Evaluation of the dipeptide approximation in peptide modeling by abinitio geometry optimizations of oligopeptides
Faculty of Sciences. Chemistry
Journal of the American Chemical Society. - Washington, D.C.
, p. 272-280
University of Antwerp
HF/4-21G ab initio gradient geometry optimizations were performed on model tri- and hexapeptides to examine the validity and limitations of the widely used dipeptide approximation in empirical peptide conformational analyses. For the molecules N-formyl-Ala-Ala-amide, N-formylpentaglycine amide, and N-formylpentaalanine amide, several conformations were investigated, including repeated C7eq, repeated C5, helical, and bend forms. The results show that the order of low-energy regions obtained for dipeptides is significantly changed by long-range interactions in the hexapeptides. Helical forms are not energy minima in dipeptide space but are stable regions (nearly vanishing gradients) on the potential energy surface in the hexapeptides.

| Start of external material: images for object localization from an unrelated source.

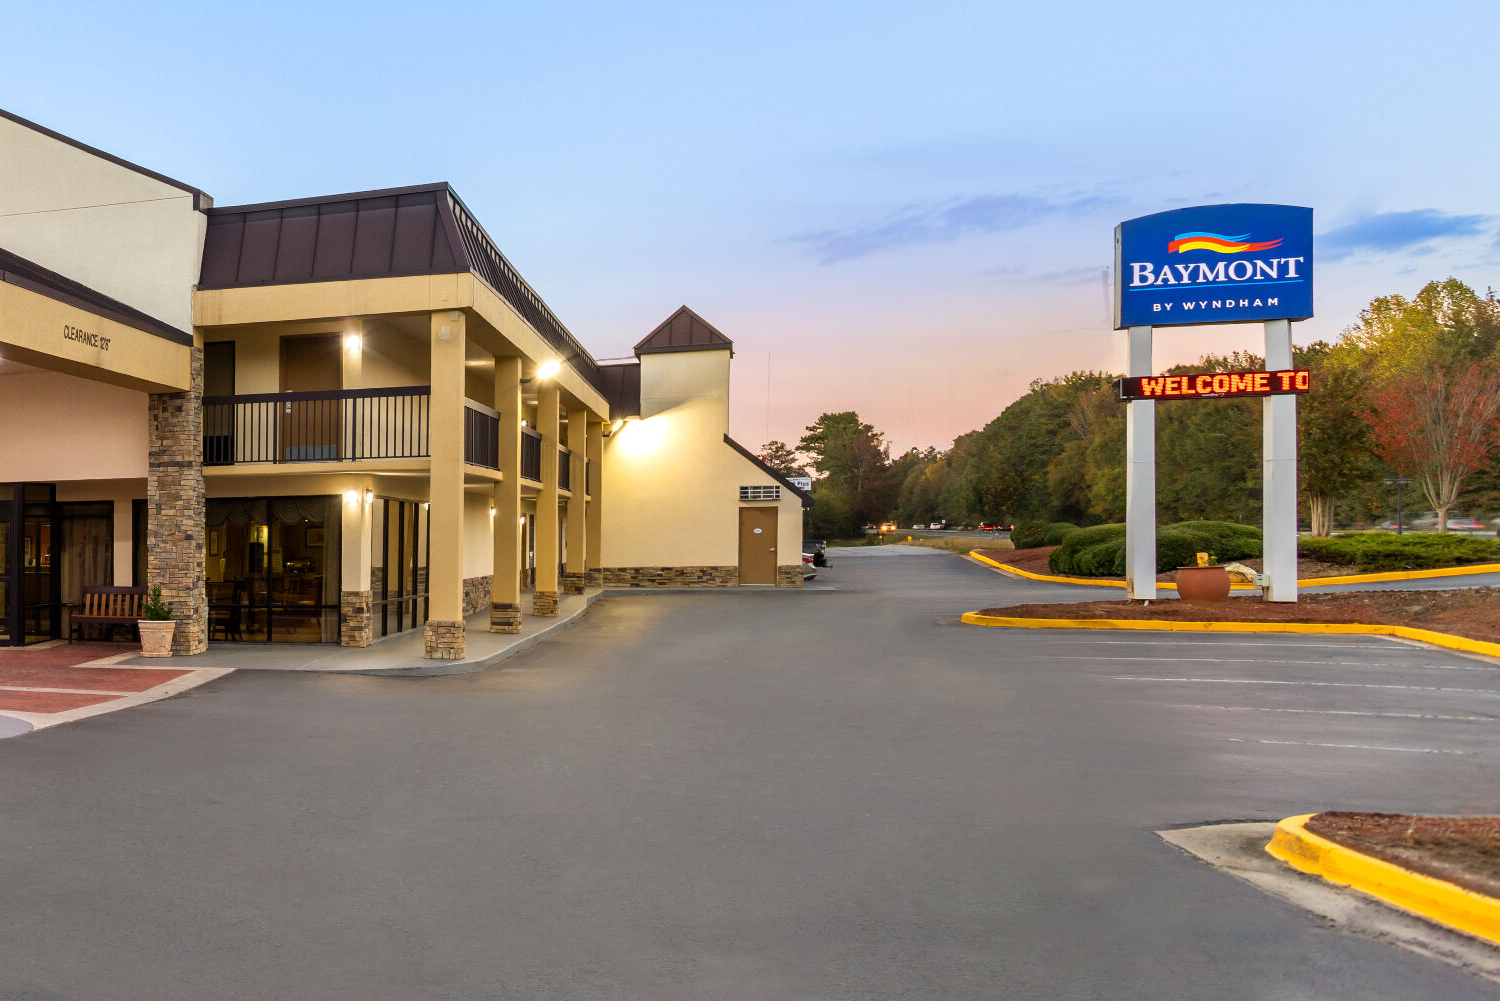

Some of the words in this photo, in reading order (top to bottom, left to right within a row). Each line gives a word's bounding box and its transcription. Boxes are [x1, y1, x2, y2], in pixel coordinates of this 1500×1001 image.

[1129, 256, 1304, 287] BAYMONT
[1153, 303, 1173, 312] BY
[1182, 298, 1279, 311] WYNDHAM
[63, 324, 99, 348] CLEARANCE
[1141, 373, 1271, 396] WELCOME
[1276, 371, 1309, 391] TO

Beta-Bends are stable conformations in the vacuum structures of extended chains, and interactions between two residues can significantly affect the torsional states of other residues in the bend. Compared with the binding energy of single residues in di- and tripeptides, cooperative energy effects are detected in extended chains. Significant variations with conformation are found in bond distances and angles, >7-degrees in N-C(alpha)-C', >4-degrees in C'-C(alpha)-C(beta), and up to 6-degrees in C'-N-C(alpha). The C-N peptide bond length is shortened by multiple hydrogen bonding. This trend is important in view of an unexplained contrast in peptide structural chemistry, i.e., the observation that C-N peptide bonds in protein crystal structures are considerably shorter than C-N bonds in isolated amide units in the vapor phase. In general, conformationally dependent geometry changes are qualitatively similar in dipeptides and hexapeptides, but some parameter differences are enhanced by chain elongation and characteristic variations are observed where long-range interactions create special effects. Thus, the calculations confirm the importance of conformational geometry maps in describing peptide conformational properties, and they help to identify significant geometry trends that must be taken into account in the development of force field parameters for empirical peptide modeling.